The basic design of lithium-ion batteries remains the same as Sony's 1989 patent application. Individual cells are cylindrical, have square metal casings (aluminum/steel), or are square pouch cells. Square batteries have a large capacity and are generally composed of windings, Z-shaped laminations, windings + laminations, positive electrode cladding, and laminations + laminations.
Lithium-ion batteries
Cylindrical battery technology is the most mature and has the lowest manufacturing cost, but large cylindrical batteries have poor cooling capabilities, so smaller cylindrical batteries are generally chosen. Automotive batteries have large capacities and numerous cells, such as 18650 lithium-ion batteries, resulting in complex and expensive management systems. The spiral wound structure of prismatic batteries has a simple manufacturing process, but it is primarily suitable for soft electrode batteries. This method can be used for lithium iron phosphate ternary material batteries, except for spinel anode materials.

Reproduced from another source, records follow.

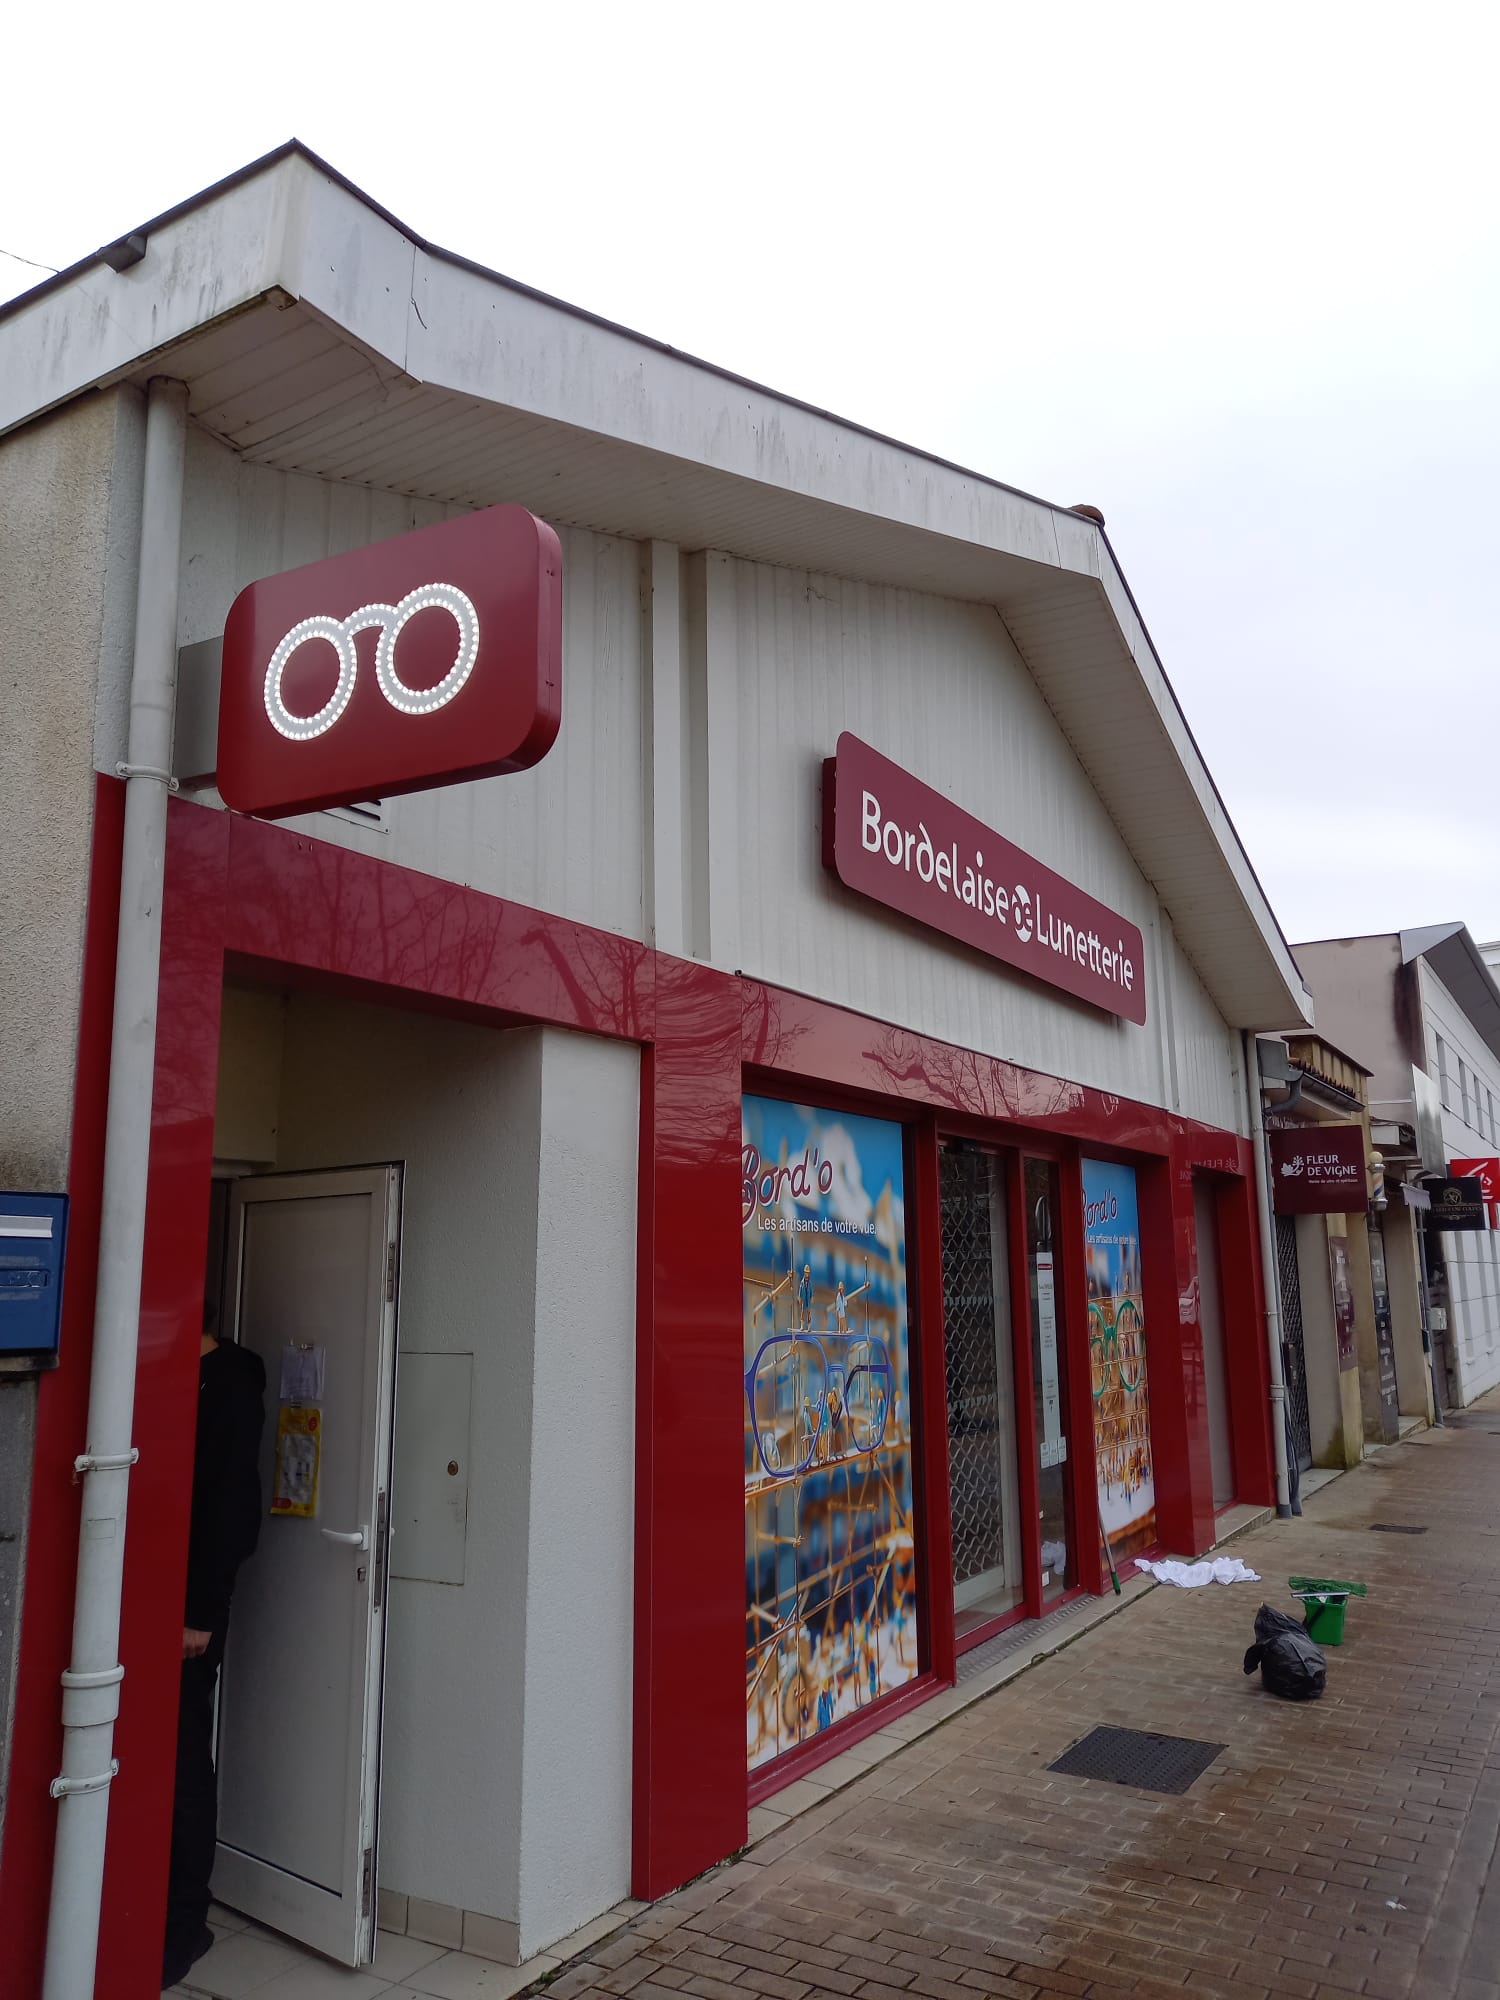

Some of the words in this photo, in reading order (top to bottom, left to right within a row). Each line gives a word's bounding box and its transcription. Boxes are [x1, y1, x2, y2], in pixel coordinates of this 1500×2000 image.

[862, 790, 1009, 924] Bordelaise
[1036, 894, 1134, 991] Lunetterie
[1306, 1154, 1339, 1165] FLEUR
[1307, 1166, 1322, 1176] DE
[1323, 1165, 1357, 1178] VIGNE
[757, 1213, 777, 1231] Les
[779, 1217, 819, 1233] artisans
[821, 1216, 833, 1233] de
[834, 1219, 858, 1234] votre
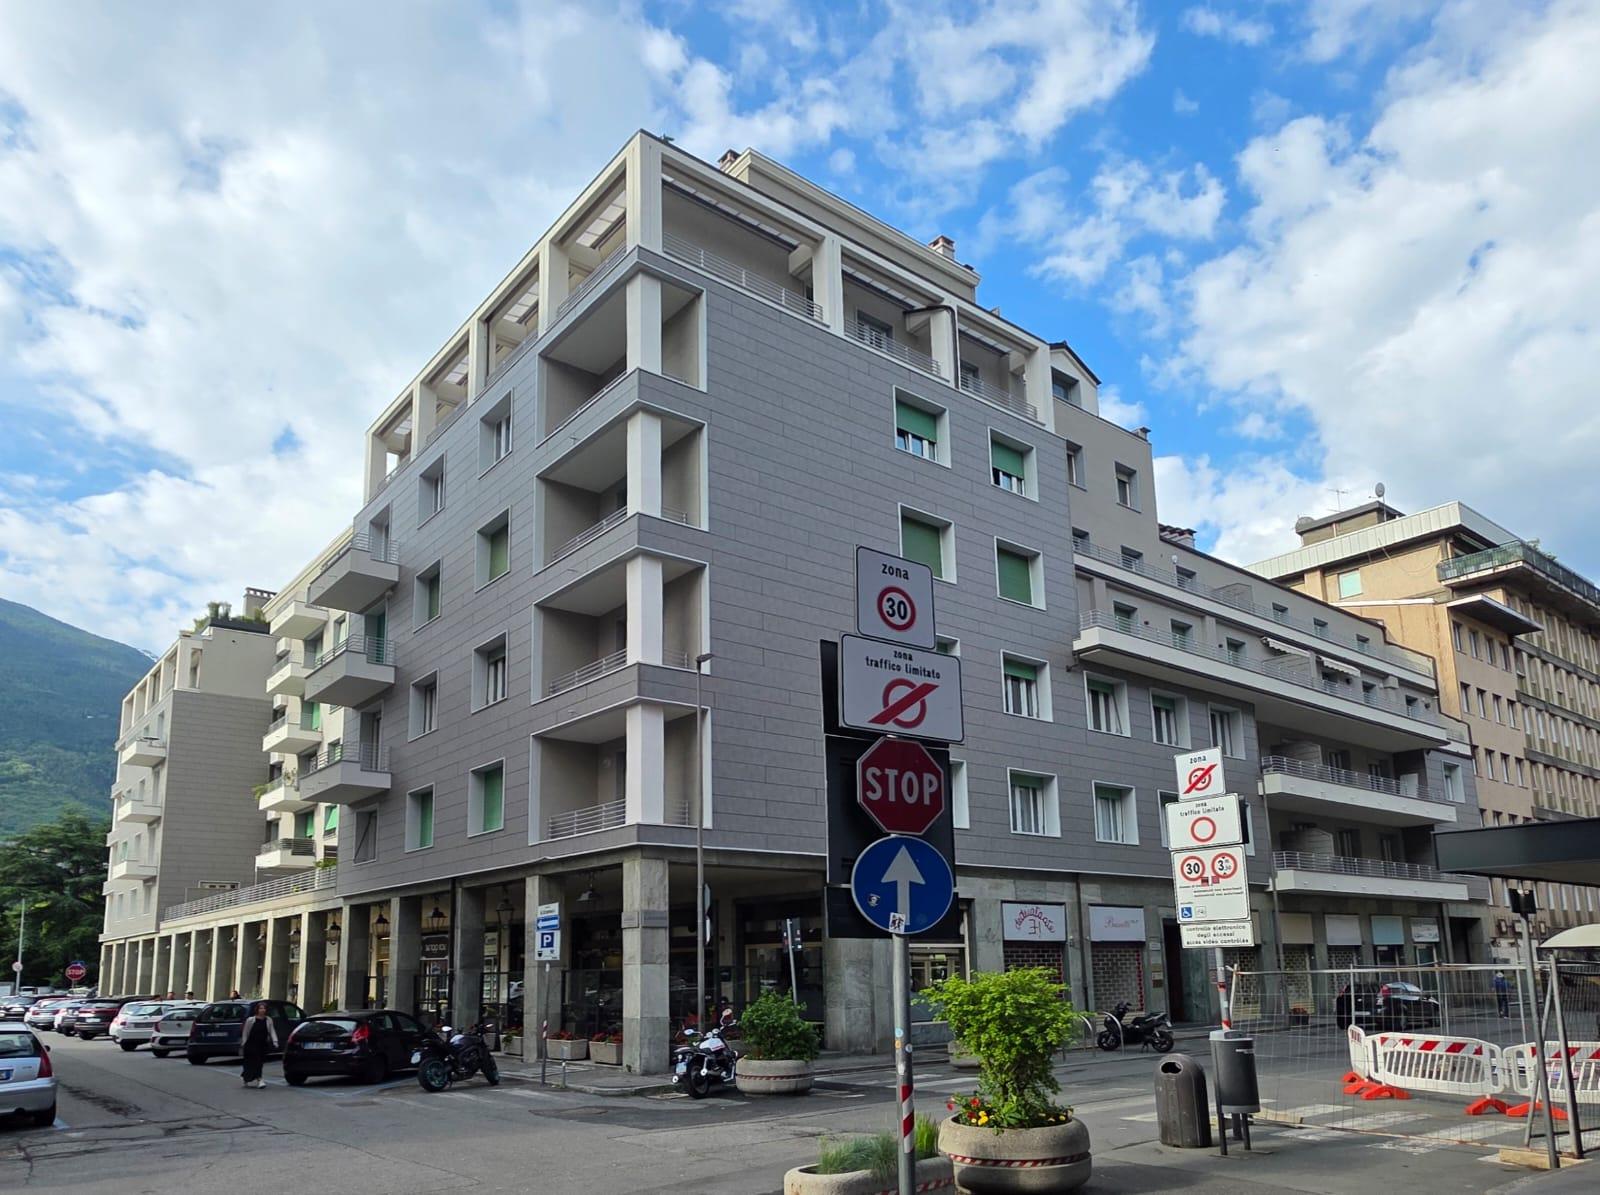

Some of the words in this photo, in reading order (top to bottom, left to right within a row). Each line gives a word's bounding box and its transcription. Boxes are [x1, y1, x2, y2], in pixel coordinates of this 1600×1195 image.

[881, 562, 909, 581] zona
[885, 596, 909, 621] 30
[893, 650, 913, 661] zona
[865, 656, 901, 673] traffico
[905, 664, 940, 680] limitato
[1190, 755, 1207, 764] zona
[865, 766, 938, 806] STOP
[1186, 863, 1200, 875] 30
[543, 935, 552, 947] P

Laminated batteries offer high reliability and long lifespan, and are suitable for various material systems. The batteries in General Motors' Volt plug-in hybrid and Nissan's Leaf electric vehicle are both manufactured using lamination technology. By 2015, the specific energy of lithium iron phosphate cells reached 140 Wh/kg, lithium ternary manganese oxide cells reached 180 Wh/kg, and small cylindrical cells using NCA reached 240 Wh/kg. In the coming years, the specific energy of lithium-ion cells will further increase, potentially reaching a maximum of 300 Wh/kg by 2020.
Currently, there are many types of lithium-ion batteries, each with different functions. For example, we often see lithium-ion batteries, lead-acid batteries, and 18650 lithium-ion batteries. Different batteries also have different characteristics, so how should we distinguish them? Today I will discuss the differences between lithium-ion batteries and lead-acid batteries.
Hefei Lithium-ion Battery
The difference between lithium-ion batteries and lead-acid batteries lies primarily in their durability. Generally, lead-acid batteries have a charge-discharge cycle of no more than 400 times, with a storage capacity and lifespan of approximately 2 years. Lithium-ion batteries are far more durable than lead-acid batteries and degrade very slowly, exceeding 500 deep charge and deep discharge cycles without exhibiting any memory effect. Their lifespan is typically 4 to 5 years.
Next, let's compare size and weight. Most lead-acid batteries are bulky, typically weighing between 16 and 30 kilograms. In contrast, lithium-ion batteries are generally much lighter than lead-acid batteries, which mostly weigh between 2.5 and 3 kilograms. They are small and easy to carry. The pollution generated during the production of lead-acid batteries is very harmful to environmental protection. Lithium-ion batteries are more environmentally friendly.
When using the same 48-volt battery, lead-acid and lithium-ion electric vehicles can travel 30 to 40 kilometers on a single full charge, with little difference in performance. Speed depends largely on the size of the motor used.
Finally, regarding price, lithium-ion batteries offer advantages over lead-acid batteries in all aspects, considering their performance, but their price is slightly higher. This is unavoidable.